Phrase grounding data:
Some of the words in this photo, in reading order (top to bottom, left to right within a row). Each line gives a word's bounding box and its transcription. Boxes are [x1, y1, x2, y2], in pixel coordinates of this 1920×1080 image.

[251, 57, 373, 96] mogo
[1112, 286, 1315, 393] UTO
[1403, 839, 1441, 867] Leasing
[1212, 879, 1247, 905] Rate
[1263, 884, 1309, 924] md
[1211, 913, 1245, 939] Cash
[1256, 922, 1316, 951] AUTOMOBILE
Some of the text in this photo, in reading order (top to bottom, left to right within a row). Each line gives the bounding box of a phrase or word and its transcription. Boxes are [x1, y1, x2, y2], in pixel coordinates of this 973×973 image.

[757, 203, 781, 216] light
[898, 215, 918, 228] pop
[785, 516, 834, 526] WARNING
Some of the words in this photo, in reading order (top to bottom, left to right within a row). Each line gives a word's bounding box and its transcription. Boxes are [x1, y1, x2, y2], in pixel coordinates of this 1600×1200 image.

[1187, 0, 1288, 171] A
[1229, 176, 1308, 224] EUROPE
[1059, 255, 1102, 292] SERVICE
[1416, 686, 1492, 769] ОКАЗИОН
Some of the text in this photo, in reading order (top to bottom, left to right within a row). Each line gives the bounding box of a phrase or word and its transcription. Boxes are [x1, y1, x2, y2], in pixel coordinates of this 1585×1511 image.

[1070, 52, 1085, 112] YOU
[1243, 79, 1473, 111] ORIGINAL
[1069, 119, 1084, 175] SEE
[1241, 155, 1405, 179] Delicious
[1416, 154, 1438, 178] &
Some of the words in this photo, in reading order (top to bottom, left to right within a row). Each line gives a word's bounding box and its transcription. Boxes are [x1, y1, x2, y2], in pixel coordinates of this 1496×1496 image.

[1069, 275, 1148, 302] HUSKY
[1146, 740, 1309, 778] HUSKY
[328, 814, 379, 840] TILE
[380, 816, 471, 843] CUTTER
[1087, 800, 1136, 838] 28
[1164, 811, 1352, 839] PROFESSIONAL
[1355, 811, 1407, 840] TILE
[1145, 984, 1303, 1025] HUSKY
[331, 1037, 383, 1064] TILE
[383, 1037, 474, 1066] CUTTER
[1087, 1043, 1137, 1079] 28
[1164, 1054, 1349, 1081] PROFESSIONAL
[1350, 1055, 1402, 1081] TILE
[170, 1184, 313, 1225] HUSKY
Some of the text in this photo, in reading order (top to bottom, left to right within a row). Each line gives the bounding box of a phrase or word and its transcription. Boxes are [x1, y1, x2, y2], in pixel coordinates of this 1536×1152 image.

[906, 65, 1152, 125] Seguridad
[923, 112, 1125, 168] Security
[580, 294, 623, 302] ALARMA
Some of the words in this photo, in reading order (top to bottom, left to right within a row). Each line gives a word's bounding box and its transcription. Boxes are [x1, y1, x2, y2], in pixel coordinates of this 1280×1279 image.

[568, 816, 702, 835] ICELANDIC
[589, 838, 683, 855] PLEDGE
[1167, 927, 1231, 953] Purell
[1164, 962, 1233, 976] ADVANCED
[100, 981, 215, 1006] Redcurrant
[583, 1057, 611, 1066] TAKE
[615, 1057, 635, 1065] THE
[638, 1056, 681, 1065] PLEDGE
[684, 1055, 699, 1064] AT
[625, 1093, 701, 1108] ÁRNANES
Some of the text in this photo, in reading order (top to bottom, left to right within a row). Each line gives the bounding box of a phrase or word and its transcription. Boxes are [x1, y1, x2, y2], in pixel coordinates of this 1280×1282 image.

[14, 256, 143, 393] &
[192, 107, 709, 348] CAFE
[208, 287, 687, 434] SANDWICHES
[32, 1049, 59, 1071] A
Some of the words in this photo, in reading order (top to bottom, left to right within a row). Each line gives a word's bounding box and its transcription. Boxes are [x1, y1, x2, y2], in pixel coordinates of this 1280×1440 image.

PROBLEM TO WORK ON: Please set down all of the data above again, matching it exactly.

OUTPUT OF THE EXERCISE:
Some of the words in this photo, in reading order (top to bottom, left to right within a row). Each line gives a word's bounding box and its transcription. Boxes are [x1, y1, x2, y2], in pixel coordinates of this 1920×1080 image.

[251, 57, 373, 96] mogo
[1112, 286, 1315, 393] UTO
[1403, 839, 1441, 867] Leasing
[1212, 879, 1247, 905] Rate
[1263, 884, 1309, 924] md
[1211, 913, 1245, 939] Cash
[1256, 922, 1316, 951] AUTOMOBILE
Some of the text in this photo, in reading order (top to bottom, left to right within a row). Each line gives the bounding box of a phrase or word and its transcription. Boxes are [x1, y1, x2, y2], in pixel coordinates of this 973×973 image.

[757, 203, 781, 216] light
[898, 215, 918, 228] pop
[785, 516, 834, 526] WARNING
Some of the words in this photo, in reading order (top to bottom, left to right within a row). Each line gives a word's bounding box and its transcription. Boxes are [x1, y1, x2, y2], in pixel coordinates of this 1600×1200 image.

[1187, 0, 1288, 171] A
[1229, 176, 1308, 224] EUROPE
[1059, 255, 1102, 292] SERVICE
[1416, 686, 1492, 769] ОКАЗИОН
Some of the text in this photo, in reading order (top to bottom, left to right within a row). Each line gives the bounding box of a phrase or word and its transcription. Boxes are [x1, y1, x2, y2], in pixel coordinates of this 1585×1511 image.

[1070, 52, 1085, 112] YOU
[1243, 79, 1473, 111] ORIGINAL
[1069, 119, 1084, 175] SEE
[1241, 155, 1405, 179] Delicious
[1416, 154, 1438, 178] &
Some of the words in this photo, in reading order (top to bottom, left to right within a row). Each line gives a word's bounding box and its transcription. Boxes are [x1, y1, x2, y2], in pixel coordinates of this 1496×1496 image.

[1069, 275, 1148, 302] HUSKY
[1146, 740, 1309, 778] HUSKY
[328, 814, 379, 840] TILE
[380, 816, 471, 843] CUTTER
[1087, 800, 1136, 838] 28
[1164, 811, 1352, 839] PROFESSIONAL
[1355, 811, 1407, 840] TILE
[1145, 984, 1303, 1025] HUSKY
[331, 1037, 383, 1064] TILE
[383, 1037, 474, 1066] CUTTER
[1087, 1043, 1137, 1079] 28
[1164, 1054, 1349, 1081] PROFESSIONAL
[1350, 1055, 1402, 1081] TILE
[170, 1184, 313, 1225] HUSKY
Some of the text in this photo, in reading order (top to bottom, left to right within a row). Each line gives the bounding box of a phrase or word and its transcription. Boxes are [x1, y1, x2, y2], in pixel coordinates of this 1536×1152 image.

[906, 65, 1152, 125] Seguridad
[923, 112, 1125, 168] Security
[580, 294, 623, 302] ALARMA
Some of the words in this photo, in reading order (top to bottom, left to right within a row). Each line gives a word's bounding box and its transcription. Boxes are [x1, y1, x2, y2], in pixel coordinates of this 1280×1279 image.

[568, 816, 702, 835] ICELANDIC
[589, 838, 683, 855] PLEDGE
[1167, 927, 1231, 953] Purell
[1164, 962, 1233, 976] ADVANCED
[100, 981, 215, 1006] Redcurrant
[583, 1057, 611, 1066] TAKE
[615, 1057, 635, 1065] THE
[638, 1056, 681, 1065] PLEDGE
[684, 1055, 699, 1064] AT
[625, 1093, 701, 1108] ÁRNANES
Some of the text in this photo, in reading order (top to bottom, left to right within a row). Each line gives the bounding box of a phrase or word and its transcription. Boxes are [x1, y1, x2, y2], in pixel coordinates of this 1280×1282 image.

[14, 256, 143, 393] &
[192, 107, 709, 348] CAFE
[208, 287, 687, 434] SANDWICHES
[32, 1049, 59, 1071] A
Some of the words in this photo, in reading order (top to bottom, left to right within a row). Each line gives a word's bounding box and its transcription. Boxes are [x1, y1, x2, y2], in pixel coordinates of this 1280×1440 image.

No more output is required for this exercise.